Abstract
Patients with cerebrovascular disease (CeVD) have been shown to benefit from lipid-lowering therapies, but guideline-recommended levels of low-density lipoprotein cholesterol (LDL-C) are often not attained with statin treatment alone. The ORION-9, ORION-10, and ORION-11 trials evaluated the efficacy and safety of inclisiran in 3660 primary and secondary prevention patients with hyperlipidemia despite maximum tolerated statin treatment. This pooled post hoc analysis comprised 202 randomized patients from those trials with established CeVD who had received either 284 mg inclisiran (equivalent to 300 mg inclisiran sodium, n = 110) or placebo (n = 92) on Days 1, 90, and 6-monthly thereafter up to Day 540. At baseline, mean (SD) LDL-C was 108.4 (34.3) mg/dL and 110.5 (35.3) mg/dL in inclisiran and placebo arms, respectively. Inclisiran produced a mean (95% CI) placebo-corrected percentage change in LDL-C from baseline to Day 510 of –55.2 (–64.5 to –45.9; p < 0.0001); the corresponding time-adjusted percentage change from baseline after Day 90 and up to Day 540 was –55.2 (–62.4 to –47.9; p < 0.0001). Treatment-emergent adverse events (TEAEs) and TEAEs at the injection site, mostly mild, were more frequent with inclisiran versus placebo (82.7% vs 70.7% and 3.6% vs 0%, respectively). In patients with CeVD, twice-yearly dosing with inclisiran (after the initial and 3-month doses) in combination with maximally tolerated statins provided effective and consistent LDL-C reductions and was well tolerated.

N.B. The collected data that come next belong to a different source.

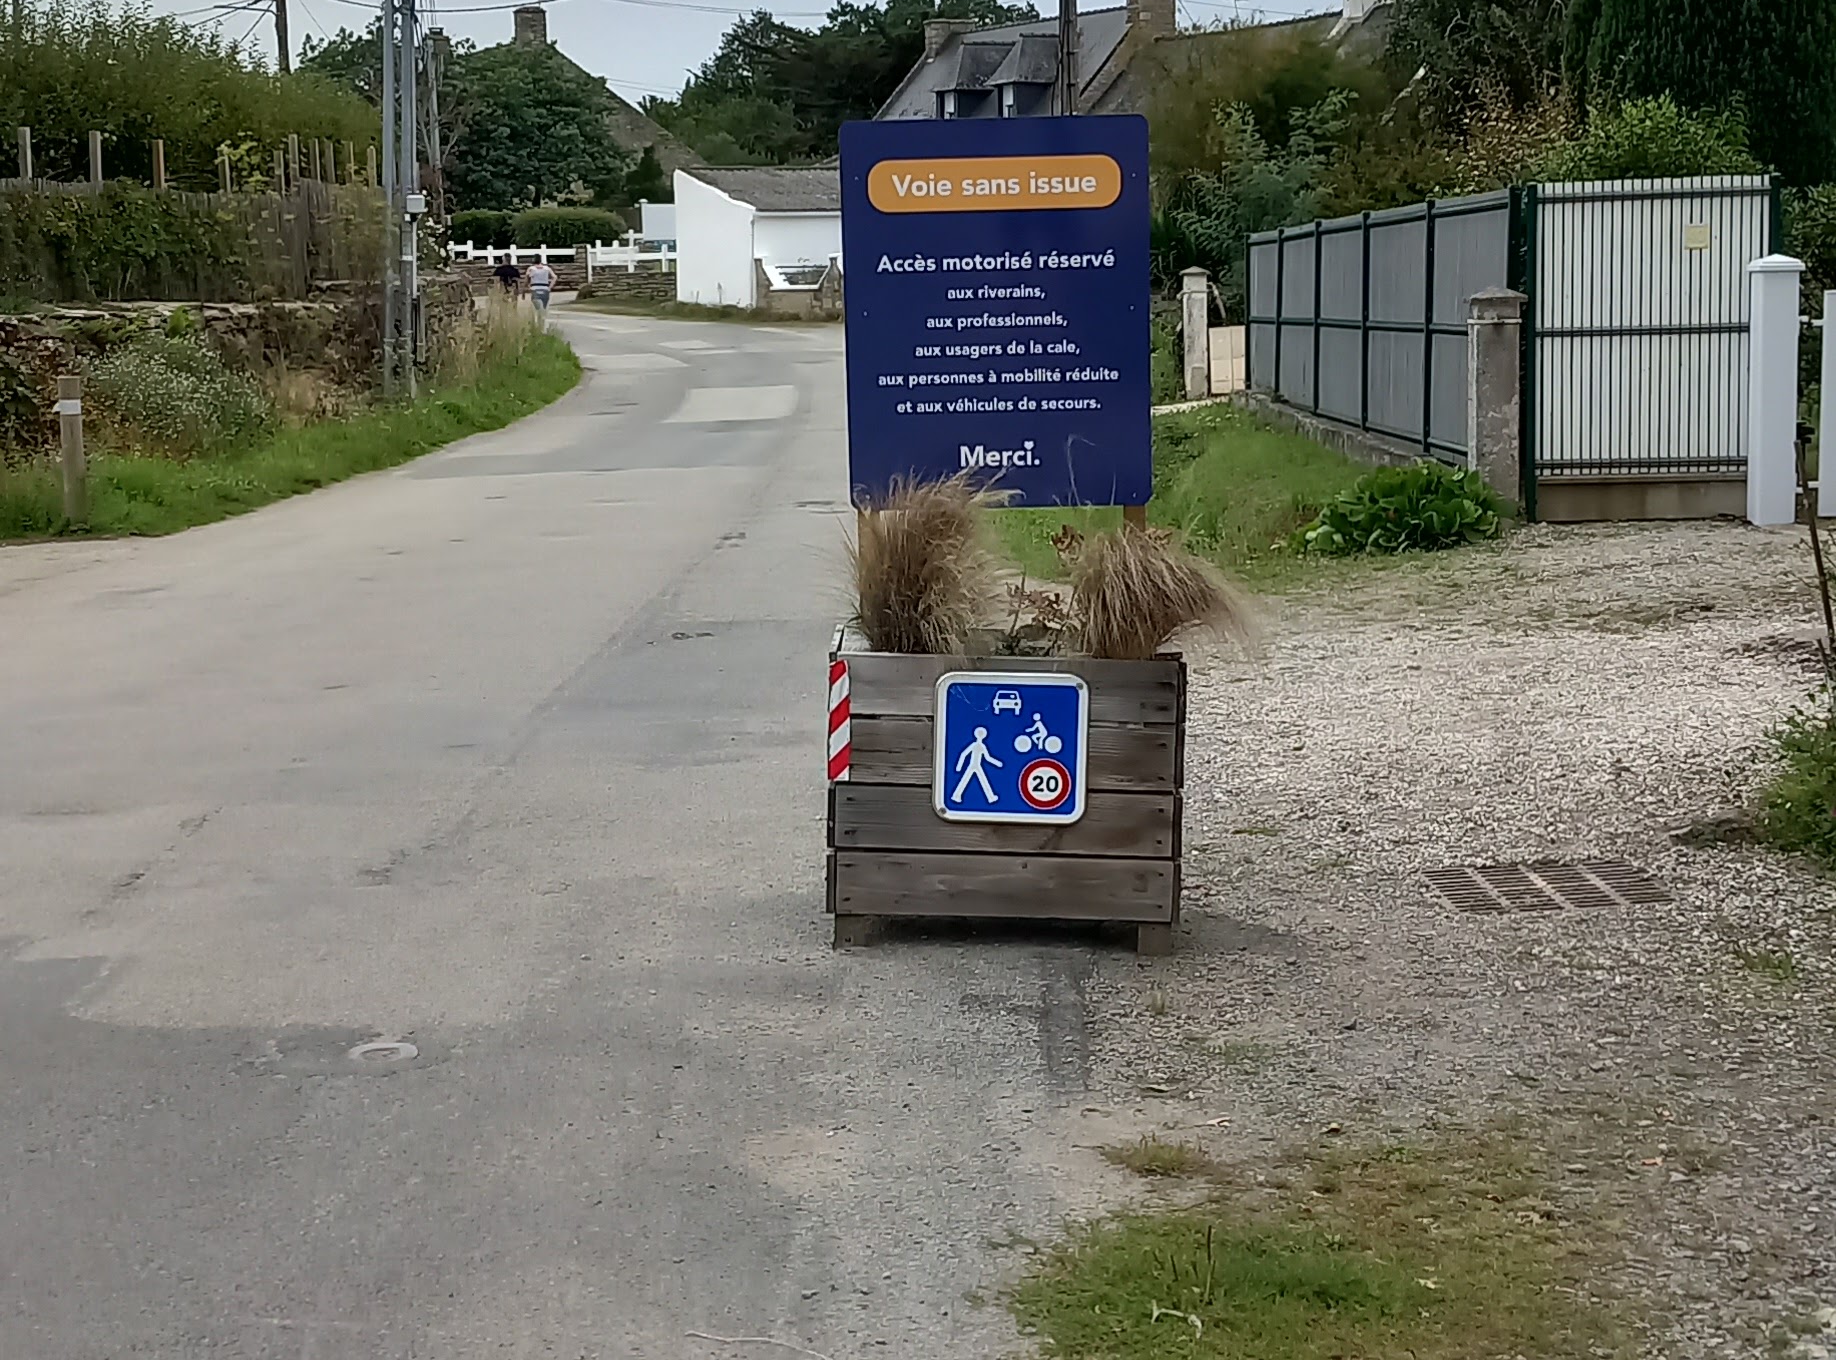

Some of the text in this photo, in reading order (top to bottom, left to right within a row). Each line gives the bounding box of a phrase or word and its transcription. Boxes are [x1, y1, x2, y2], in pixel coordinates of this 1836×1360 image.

[891, 171, 1097, 197] Voie sans issue
[876, 248, 1115, 273] Accès motorisé réservé
[947, 283, 1046, 300] aux riverains,
[926, 311, 1068, 331] aux professionnels,
[915, 339, 1080, 359] aux usagers de la cale,
[878, 366, 1119, 389] aux personnes à mobilité réduite
[896, 396, 1101, 413] et aux véhicules de secours.
[959, 440, 1041, 467] Merci.
[1031, 774, 1059, 793] 20
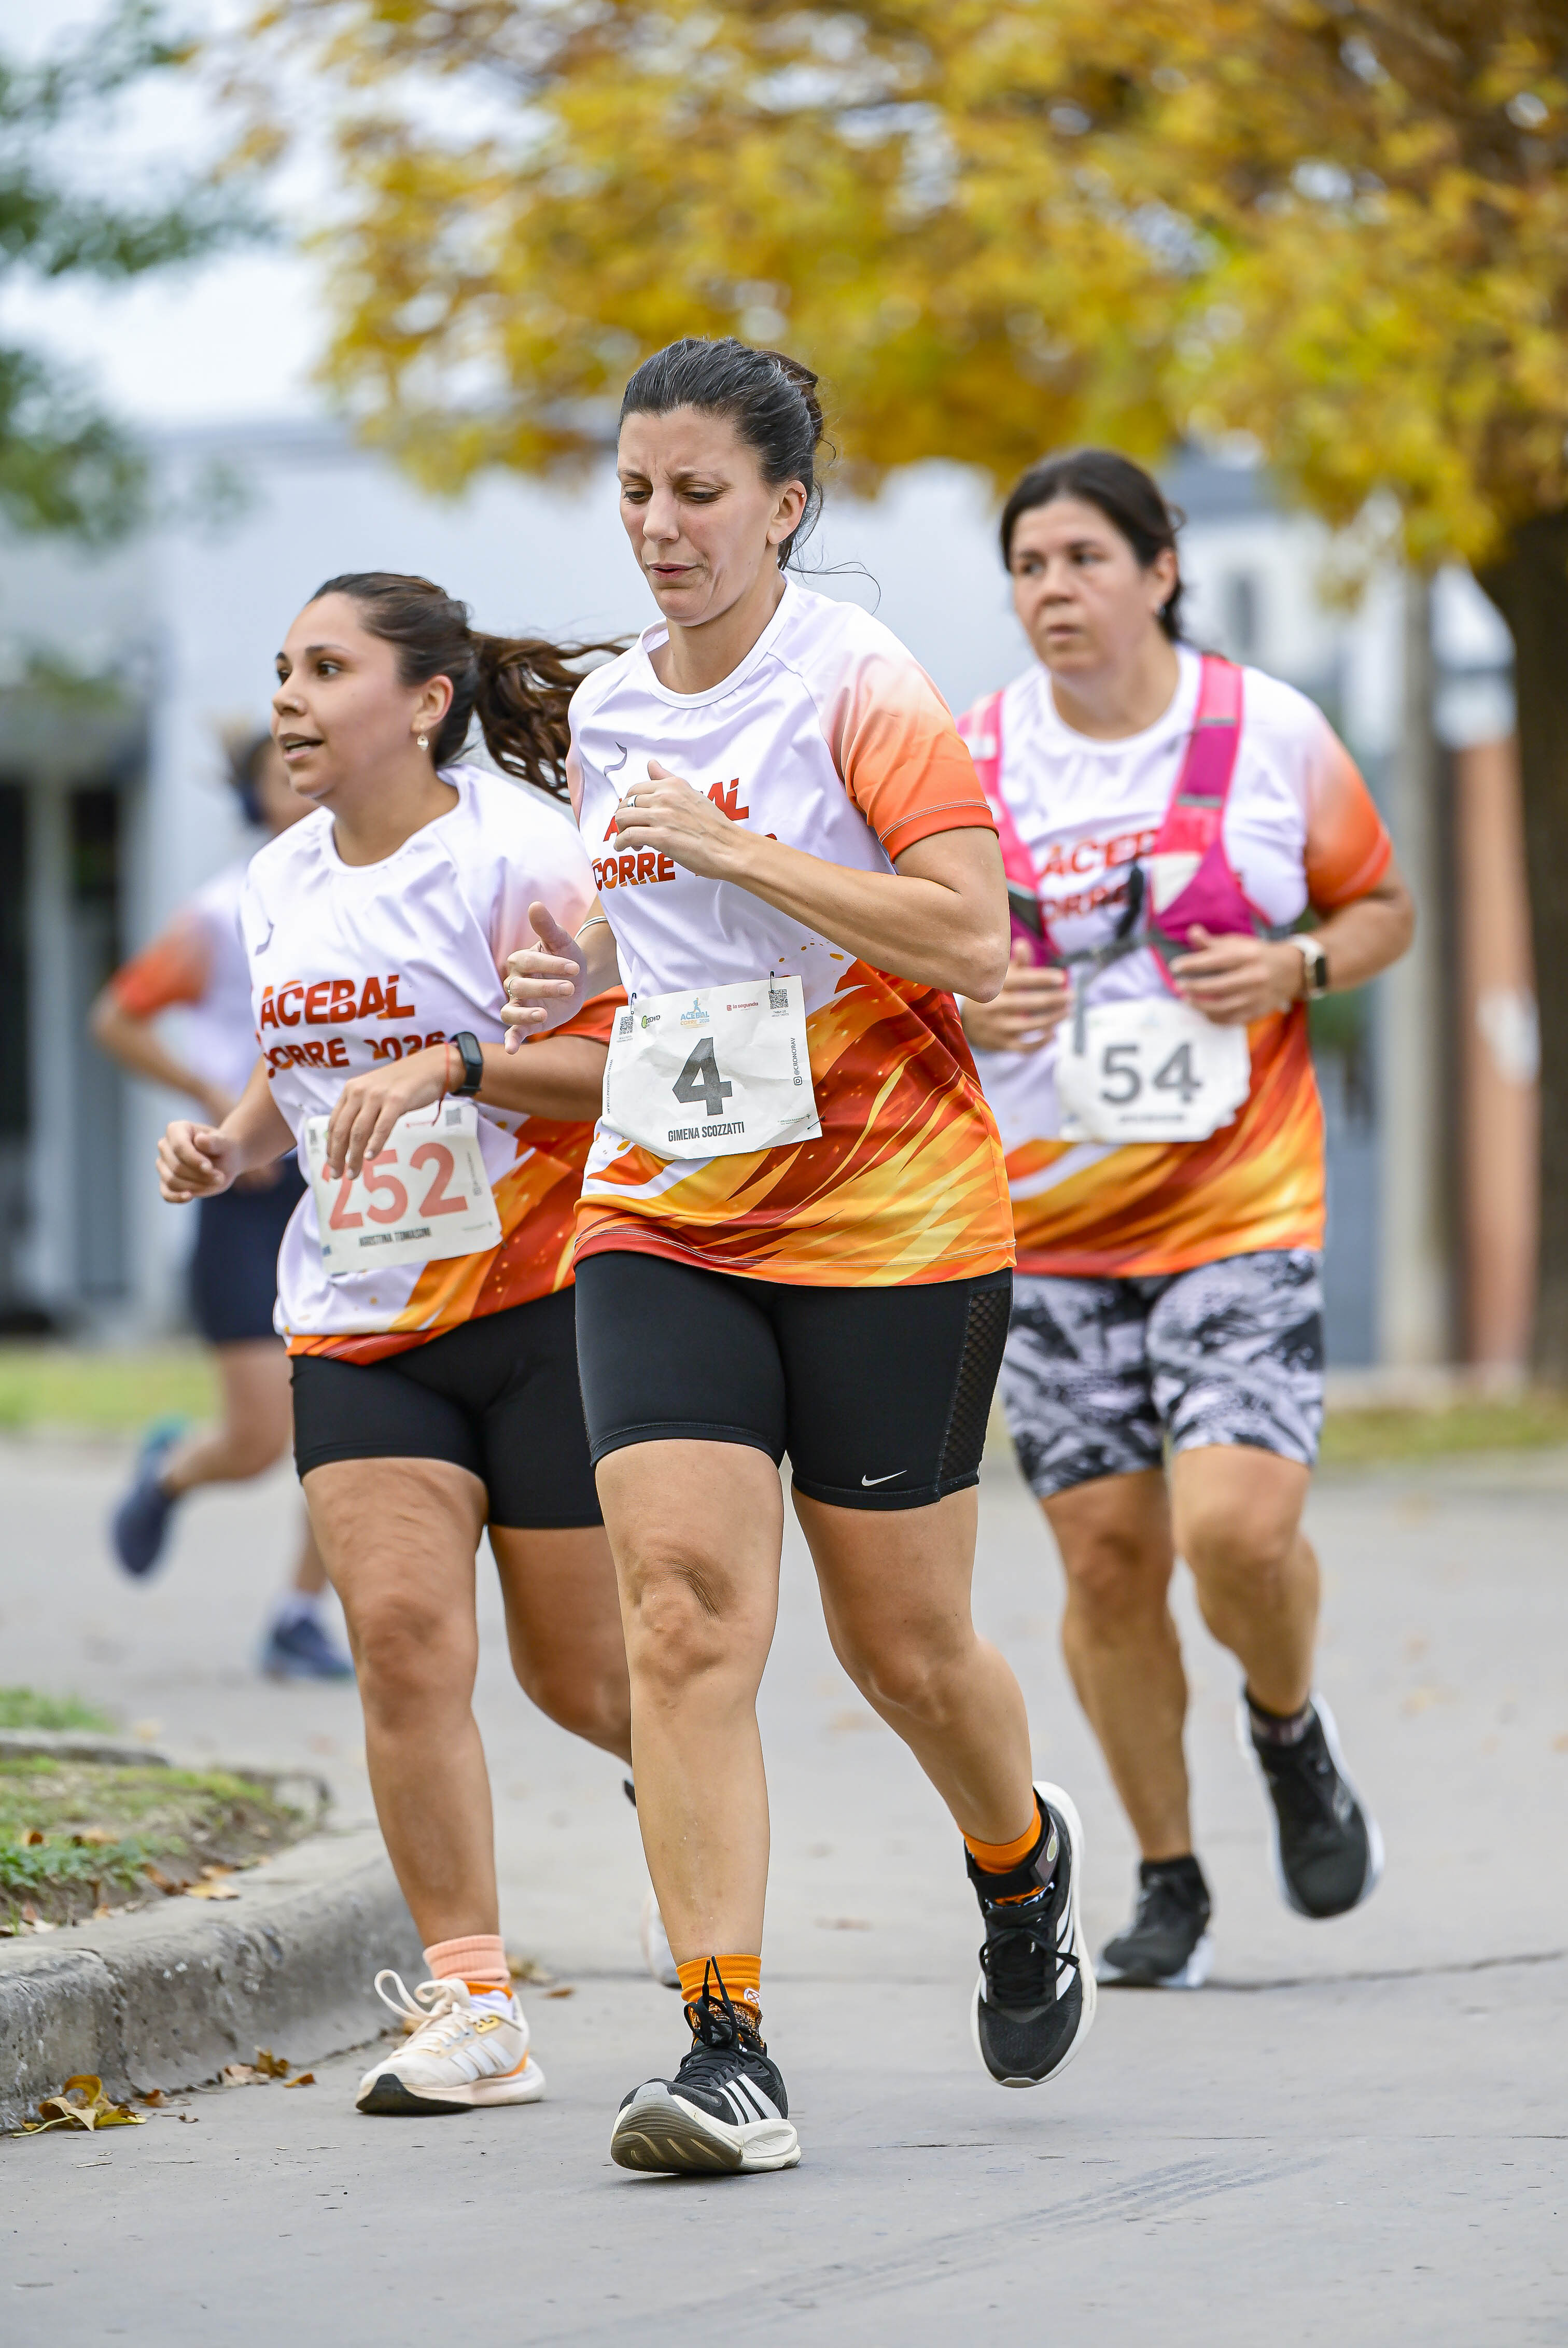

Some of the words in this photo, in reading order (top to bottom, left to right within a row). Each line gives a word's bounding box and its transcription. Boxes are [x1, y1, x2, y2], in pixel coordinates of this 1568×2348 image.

[592, 852, 676, 891] CORRE
[261, 974, 415, 1029] ACEBAL
[680, 1011, 710, 1021] ACEBAL
[672, 1037, 732, 1116] 4
[791, 1037, 800, 1075] @CRONORAV
[1100, 1041, 1203, 1105] 54
[668, 1127, 700, 1142] GIMENA
[702, 1122, 745, 1138] SCOZZATTI
[321, 1142, 469, 1231] 252
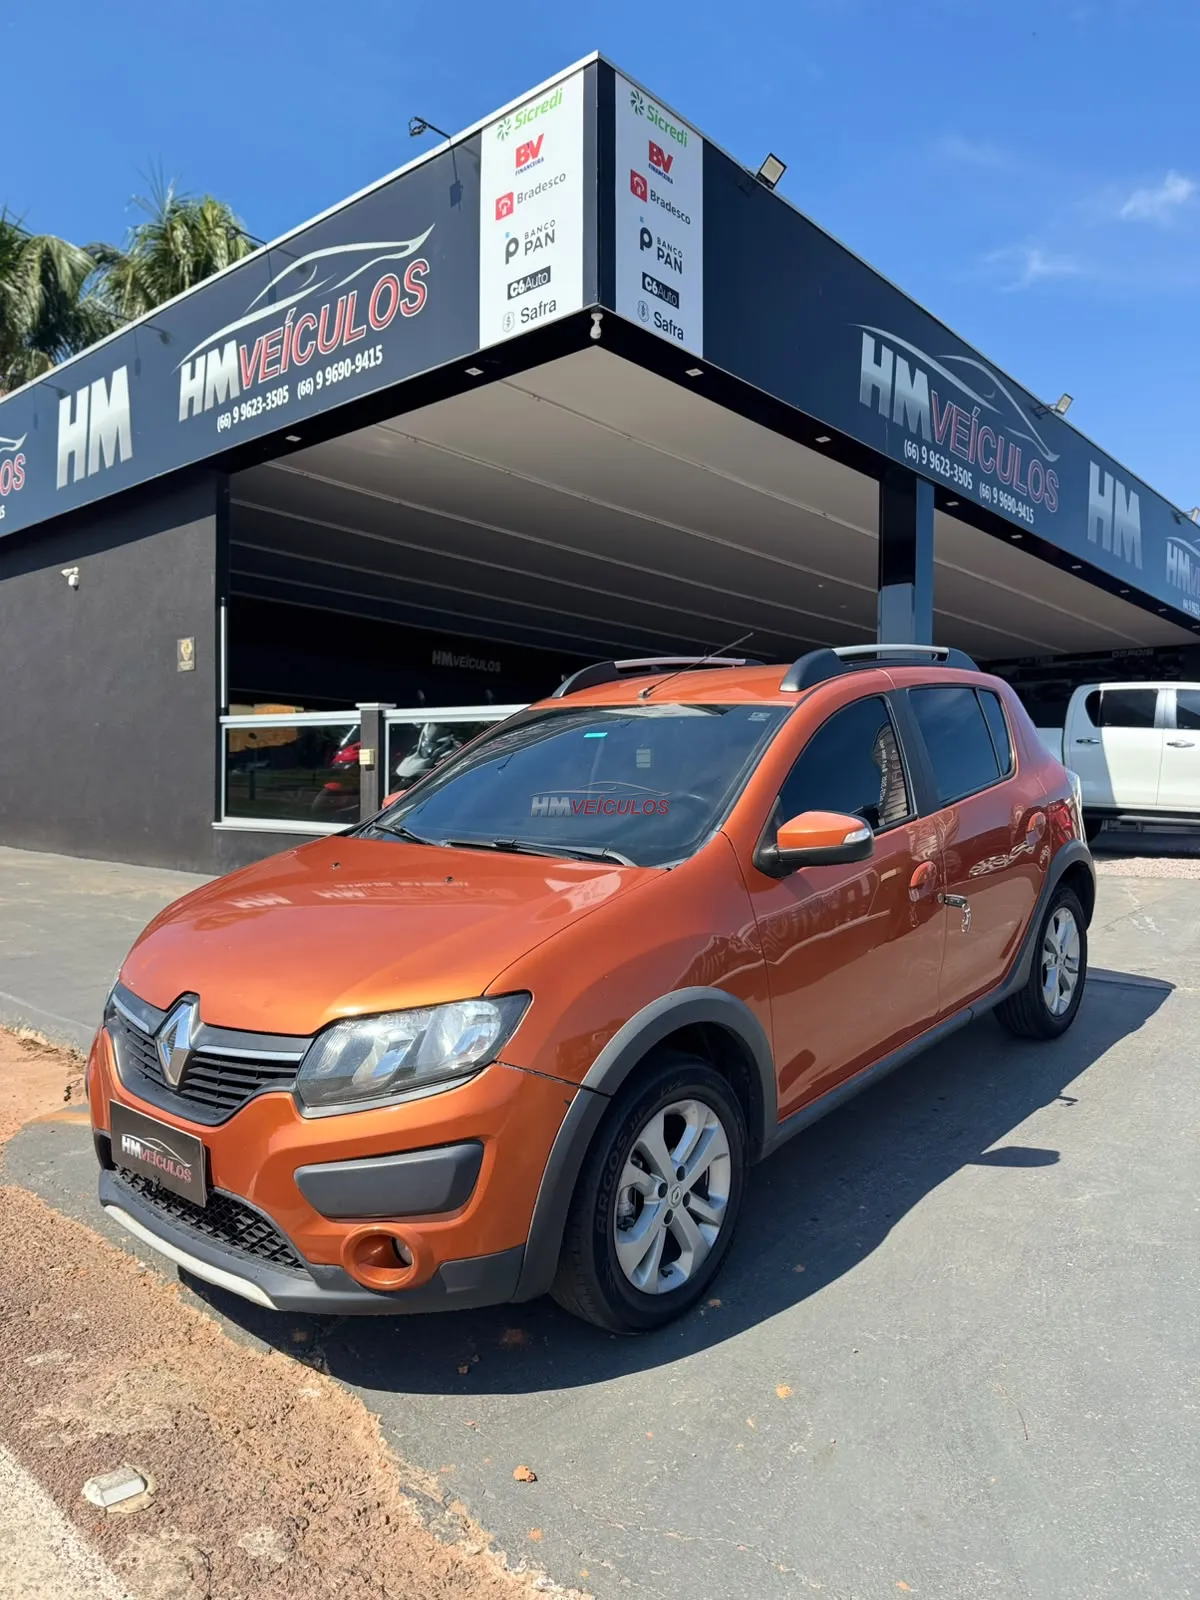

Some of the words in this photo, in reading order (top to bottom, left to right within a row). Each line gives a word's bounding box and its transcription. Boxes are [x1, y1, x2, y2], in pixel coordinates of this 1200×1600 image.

[515, 87, 563, 130] Sicredi
[646, 105, 688, 148] Sicredi
[515, 134, 544, 168] BV
[648, 140, 673, 174] BV
[517, 172, 566, 204] Bradesco
[650, 189, 691, 225] Bradesco
[524, 219, 556, 240] BANCO
[524, 229, 555, 256] PAN
[656, 236, 683, 259] BANCO
[656, 249, 683, 275] PAN
[520, 299, 557, 324] Safra
[654, 310, 684, 341] Safra
[217, 412, 231, 433] (66)
[233, 406, 239, 424] 9
[240, 385, 289, 422] 9623-3505
[297, 377, 314, 400] (66)
[316, 371, 323, 390] 9
[325, 344, 383, 387] 9690-9415
[56, 365, 133, 490] HM
[904, 439, 919, 464] (66)
[921, 446, 927, 465] 9
[929, 450, 973, 490] 9623-3505
[979, 481, 992, 503] (66)
[993, 487, 998, 504] 9
[999, 490, 1034, 524] 9690-9415
[1087, 460, 1143, 570] HM

Keywords: Inclisiran, siRNA, Cerebrovascular disease, LDL-cholesterol, Safety
1. Introduction
Hyperlipidemia is a modifiable risk factor for atherosclerotic cardiovascular disease (ASCVD) including stroke [1]. In ischemic stroke survivors, recurrence of stroke and other vascular events remains high, with the reported 5-year risk of recurrence of stroke varying between 9.5%–26% across studies [1], [2], [3], [4], [5], [6]. Statins, are the first line treatment for the management of elevated low-density lipoprotein cholesterol (LDL-C) levels, and significantly reduce the risk of cardiovascular events by 22% and stroke by 16% for every 38.7 mg/dL (1.0 mmol/L) reduction in LDL-C [7,8]. However, suboptimal long-term adherence to statins or other oral lipid-lowering therapy remains a challenge, and ∼70% patients on statins fail to achieve guideline-recommended LDL-C goals [9]. With guidelines increasingly advocating for lower LDL-C levels in secondary prevention, combination therapeutic strategies are needed when patients do not attain the specified LDL-C goals [8,9]. Monoclonal antibodies (mAbs) that inhibit proprotein convertase subtilisin/kexin type 9 (PCSK9) have been shown to provide further reduction in LDL-C levels when added to statin therapy, and further reduce the risk of future cardiovascular events including stroke but require subcutaneous injection once or twice per month [10], [11], [12], [13].
Inclisiran is a first-in-class small interfering ribonucleic acid (siRNA) therapy that specifically targets PCSK9 mRNA in the liver and reduces PCSK9 protein production. This leads to increased recycling and availability of LDL receptors on the hepatocyte cell surface, thereby decreasing plasma LDL-C [14]. The pivotal Phase 3 studies, ORION-9 (patients with heterozygous familial hypercholesterolemia [HeFH]), ORION-10 (patients with ASCVD), and ORION-11 (patients with ASCVD or ASCVD risk equivalent), comprised a total of 3660 patients, demonstrated that twice-yearly subcutaneous dosing of inclisiran (after initial doses at baseline and 3 months) resulted in significant and consistent reductions in levels of LDL-C and other atherogenic lipoproteins including lipoprotein(a) [Lp(a)], and was well tolerated [15], [16], [17].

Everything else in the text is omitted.